↓↓↓

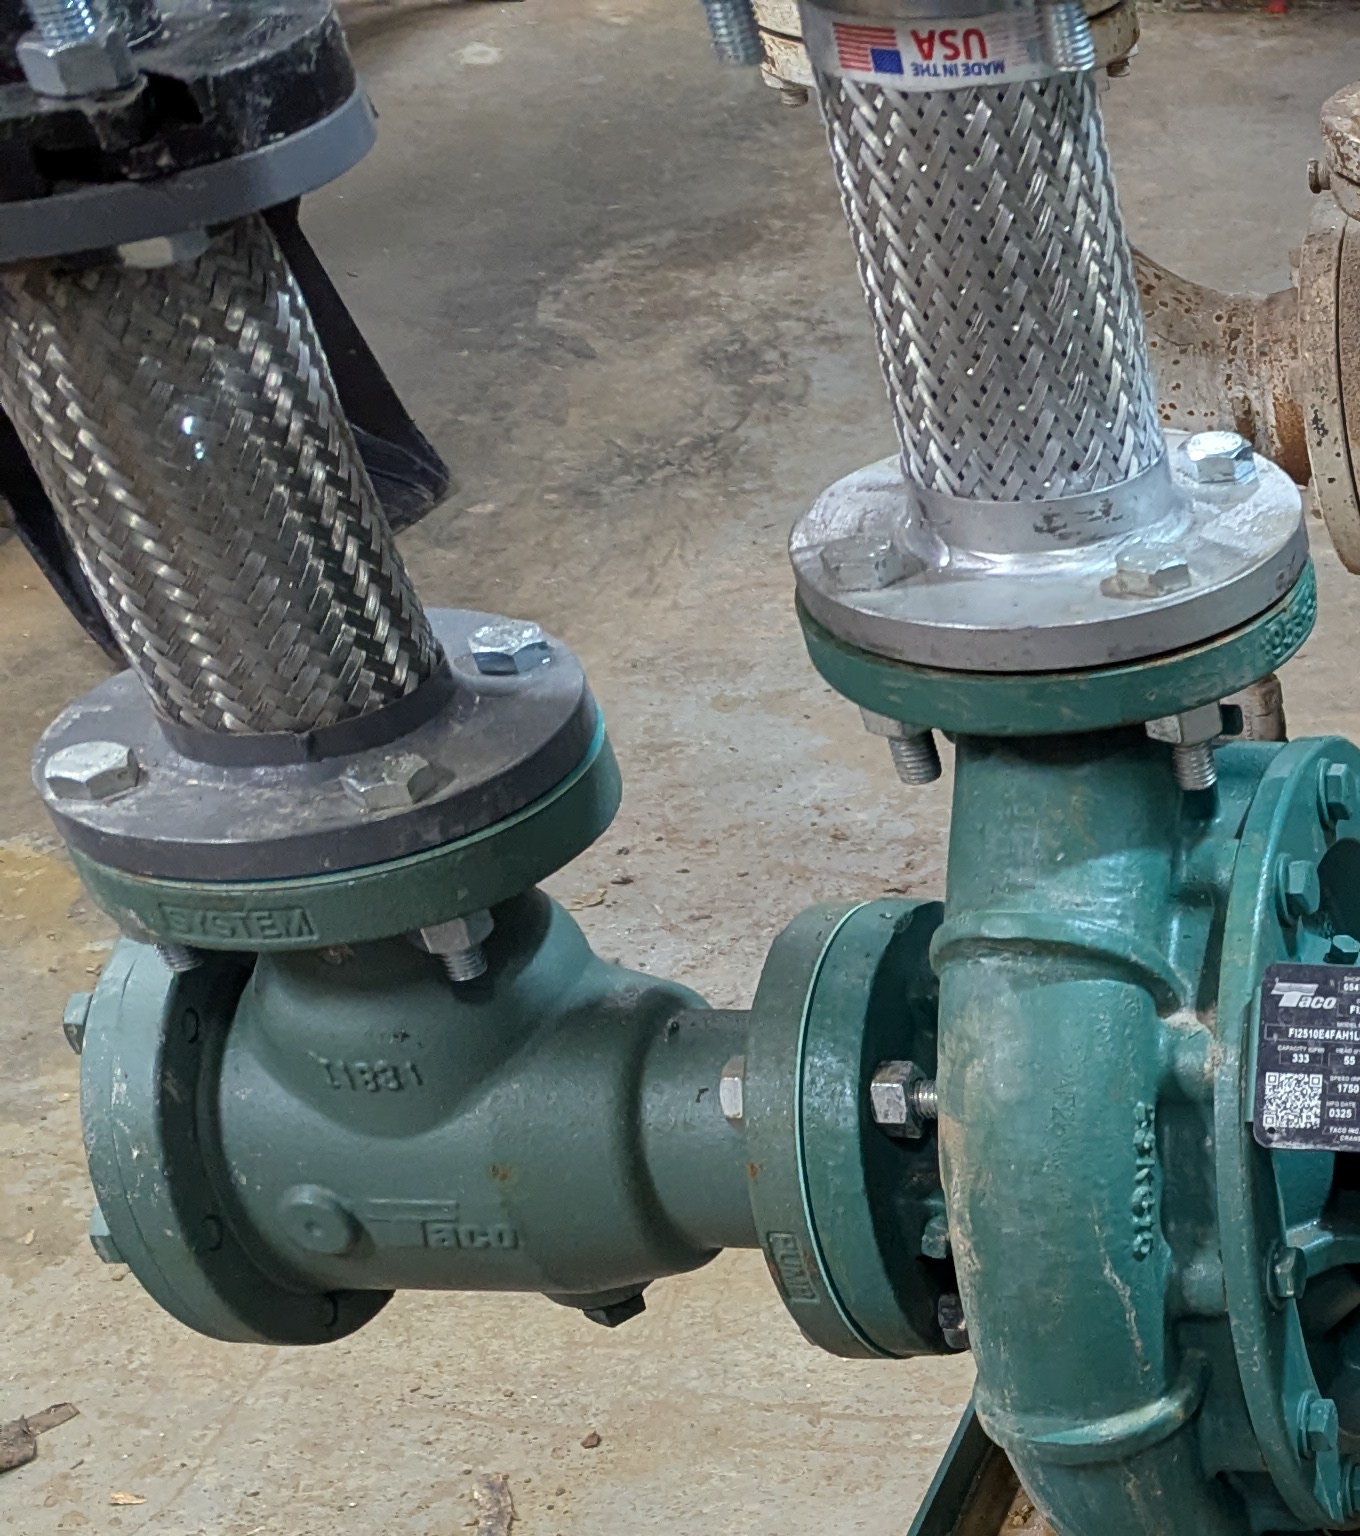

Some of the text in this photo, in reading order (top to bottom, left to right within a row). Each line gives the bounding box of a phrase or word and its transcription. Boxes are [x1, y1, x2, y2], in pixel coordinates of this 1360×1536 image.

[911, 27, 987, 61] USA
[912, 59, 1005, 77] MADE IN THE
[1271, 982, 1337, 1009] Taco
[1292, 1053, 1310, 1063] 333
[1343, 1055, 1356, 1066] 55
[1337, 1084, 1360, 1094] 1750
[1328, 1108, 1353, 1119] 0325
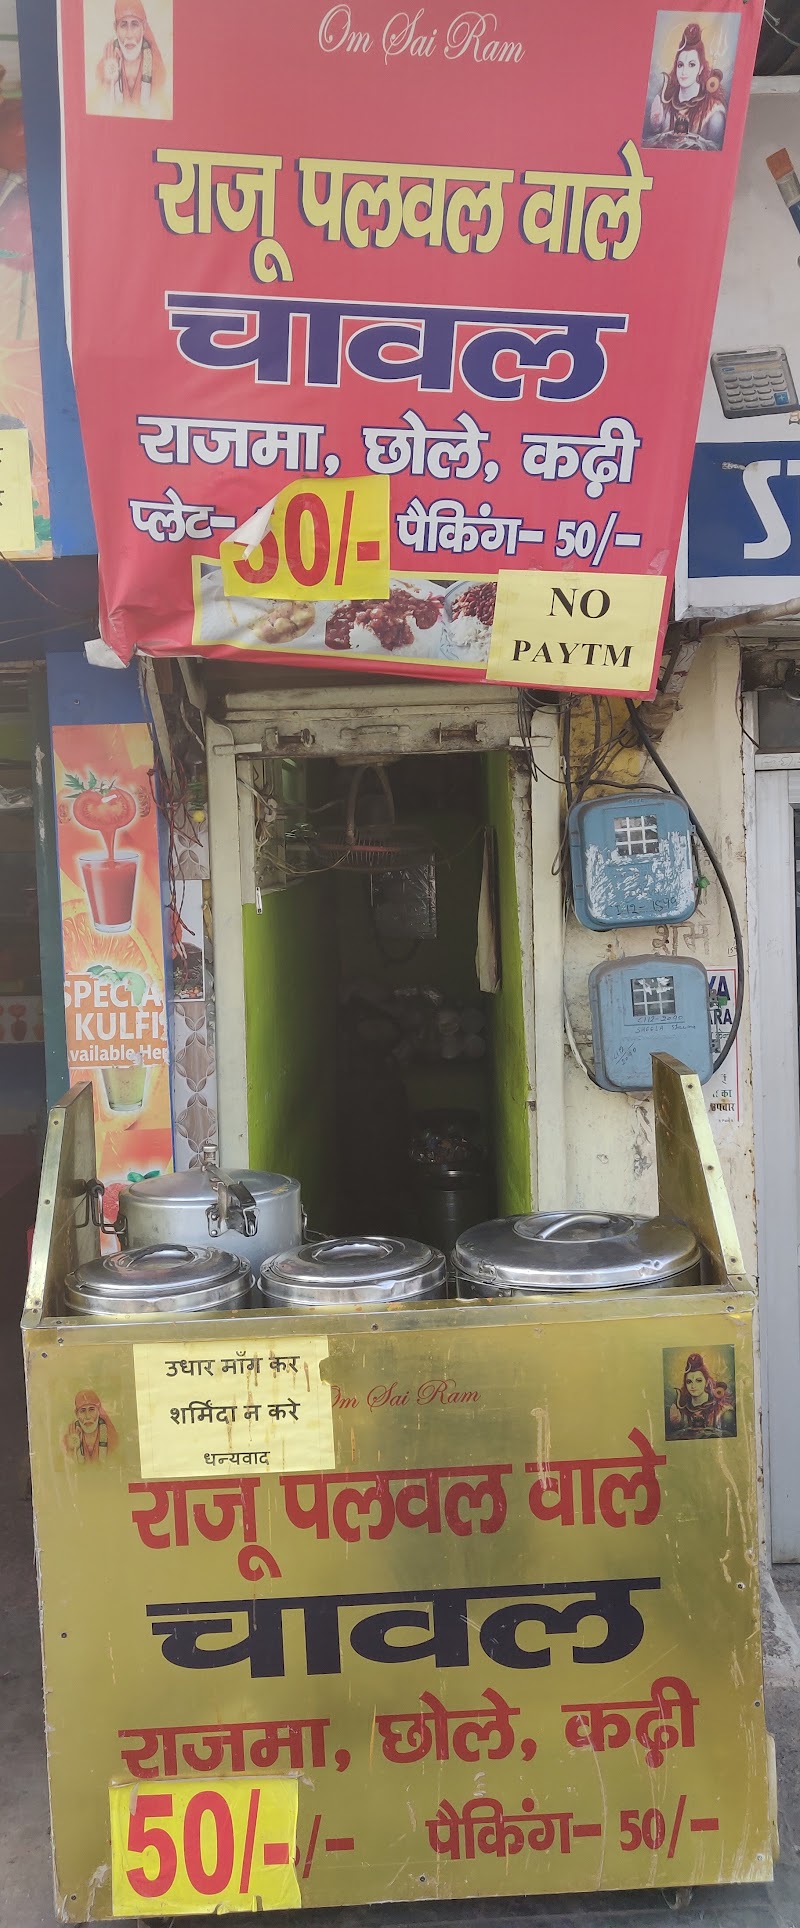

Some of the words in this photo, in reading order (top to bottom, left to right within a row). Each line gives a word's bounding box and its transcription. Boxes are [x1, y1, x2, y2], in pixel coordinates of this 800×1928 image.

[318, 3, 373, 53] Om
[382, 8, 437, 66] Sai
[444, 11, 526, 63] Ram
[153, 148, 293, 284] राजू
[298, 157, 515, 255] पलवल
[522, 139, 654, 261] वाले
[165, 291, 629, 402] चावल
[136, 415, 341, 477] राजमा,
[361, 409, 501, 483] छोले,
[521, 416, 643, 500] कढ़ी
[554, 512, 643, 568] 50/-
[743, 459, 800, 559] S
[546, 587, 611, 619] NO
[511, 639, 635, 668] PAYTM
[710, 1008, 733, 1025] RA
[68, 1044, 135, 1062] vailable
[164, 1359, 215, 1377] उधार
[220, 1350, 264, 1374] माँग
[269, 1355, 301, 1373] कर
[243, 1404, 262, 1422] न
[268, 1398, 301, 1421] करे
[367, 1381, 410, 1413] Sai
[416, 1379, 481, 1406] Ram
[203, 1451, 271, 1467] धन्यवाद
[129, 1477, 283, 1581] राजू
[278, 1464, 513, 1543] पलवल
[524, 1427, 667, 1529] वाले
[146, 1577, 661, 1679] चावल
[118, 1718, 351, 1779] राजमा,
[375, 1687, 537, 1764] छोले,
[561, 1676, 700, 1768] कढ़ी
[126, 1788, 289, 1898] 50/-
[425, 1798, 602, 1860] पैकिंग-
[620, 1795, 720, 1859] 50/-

↑↑↑

### Try it
Everything in the material above is to be reproduced exactly, pictures aside.

### Output for this task
Some of the text in this photo, in reading order (top to bottom, left to right within a row). Each line gives the bounding box of a phrase or word and its transcription. Boxes are [x1, y1, x2, y2], in pixel coordinates of this 1360×1536 image.

[911, 27, 987, 61] USA
[912, 59, 1005, 77] MADE IN THE
[1271, 982, 1337, 1009] Taco
[1292, 1053, 1310, 1063] 333
[1343, 1055, 1356, 1066] 55
[1337, 1084, 1360, 1094] 1750
[1328, 1108, 1353, 1119] 0325

Some of the words in this photo, in reading order (top to bottom, left to right within a row). Each line gives a word's bounding box and its transcription. Boxes are [x1, y1, x2, y2], in pixel coordinates of this 800×1928 image.

[318, 3, 373, 53] Om
[382, 8, 437, 66] Sai
[444, 11, 526, 63] Ram
[153, 148, 293, 284] राजू
[298, 157, 515, 255] पलवल
[522, 139, 654, 261] वाले
[165, 291, 629, 402] चावल
[136, 415, 341, 477] राजमा,
[361, 409, 501, 483] छोले,
[521, 416, 643, 500] कढ़ी
[554, 512, 643, 568] 50/-
[743, 459, 800, 559] S
[546, 587, 611, 619] NO
[511, 639, 635, 668] PAYTM
[710, 1008, 733, 1025] RA
[68, 1044, 135, 1062] vailable
[164, 1359, 215, 1377] उधार
[220, 1350, 264, 1374] माँग
[269, 1355, 301, 1373] कर
[243, 1404, 262, 1422] न
[268, 1398, 301, 1421] करे
[367, 1381, 410, 1413] Sai
[416, 1379, 481, 1406] Ram
[203, 1451, 271, 1467] धन्यवाद
[129, 1477, 283, 1581] राजू
[278, 1464, 513, 1543] पलवल
[524, 1427, 667, 1529] वाले
[146, 1577, 661, 1679] चावल
[118, 1718, 351, 1779] राजमा,
[375, 1687, 537, 1764] छोले,
[561, 1676, 700, 1768] कढ़ी
[126, 1788, 289, 1898] 50/-
[425, 1798, 602, 1860] पैकिंग-
[620, 1795, 720, 1859] 50/-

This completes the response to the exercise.